Assignment: What's wanted is a faithful retyping of every entry, pictures excluded.

Image-backed grounding data
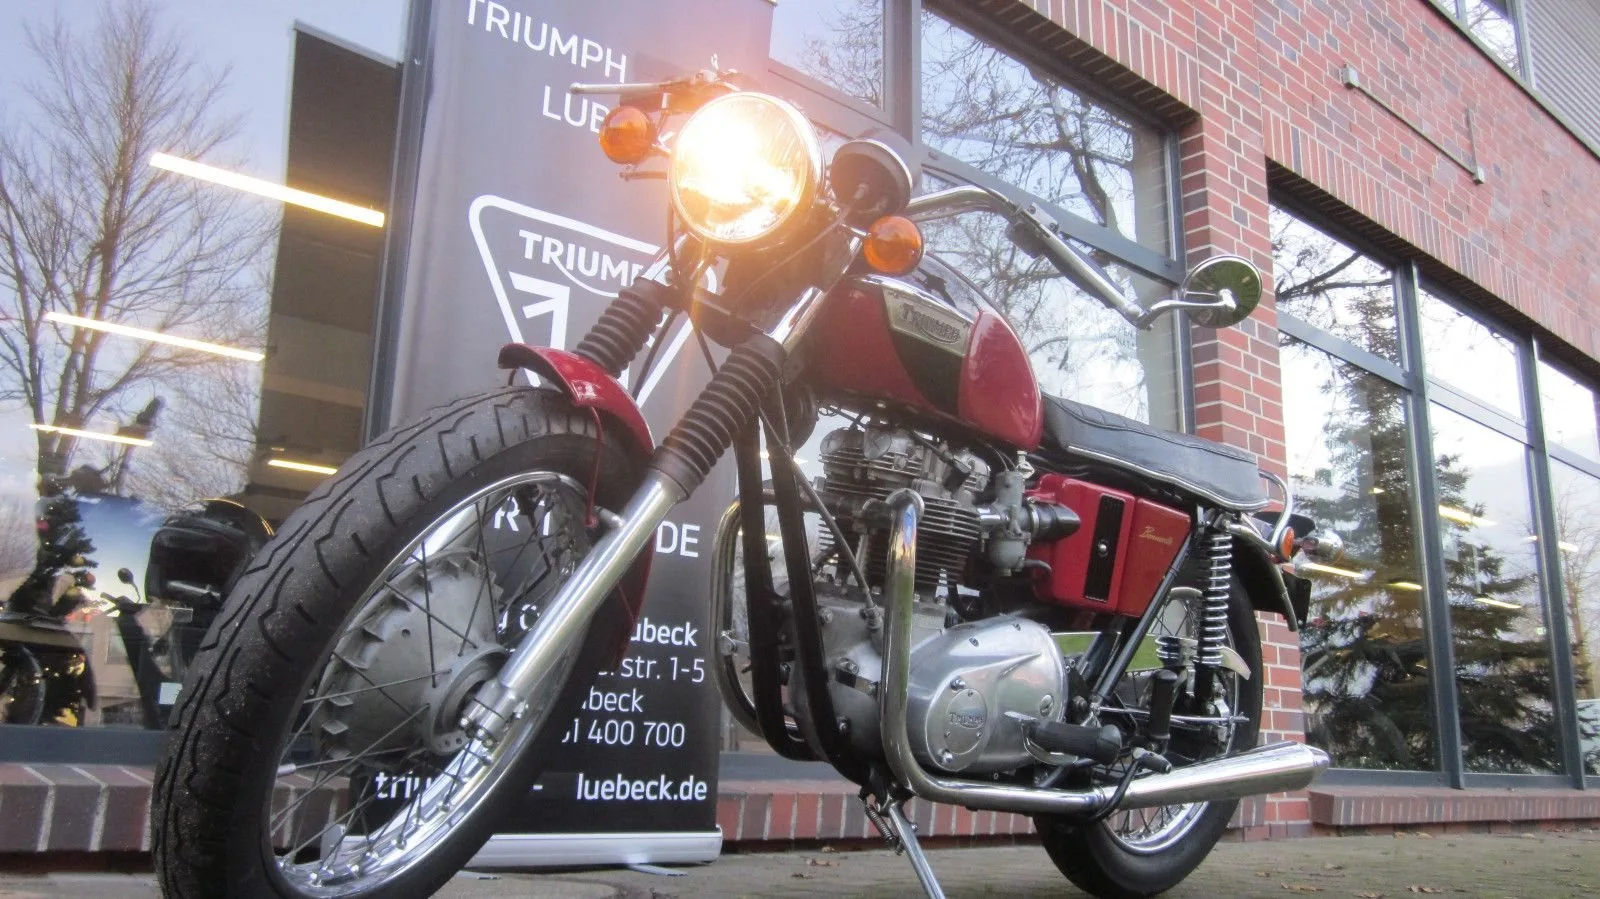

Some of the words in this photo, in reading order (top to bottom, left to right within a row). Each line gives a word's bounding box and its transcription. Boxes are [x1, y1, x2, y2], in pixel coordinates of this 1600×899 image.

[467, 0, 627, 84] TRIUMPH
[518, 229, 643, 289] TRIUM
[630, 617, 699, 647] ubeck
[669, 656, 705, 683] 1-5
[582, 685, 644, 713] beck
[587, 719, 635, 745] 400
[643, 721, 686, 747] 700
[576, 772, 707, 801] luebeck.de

Response:
Some of the words in this photo, in reading order (top to bottom, left to right within a row). Each line gives a word's bounding box and its transcription. Boxes are [x1, y1, x2, y2], in pixel coordinates of this 1600×899 image.

[467, 0, 627, 84] TRIUMPH
[518, 229, 643, 289] TRIUM
[630, 617, 699, 647] ubeck
[669, 656, 705, 683] 1-5
[582, 685, 644, 713] beck
[587, 719, 635, 745] 400
[643, 721, 686, 747] 700
[576, 772, 707, 801] luebeck.de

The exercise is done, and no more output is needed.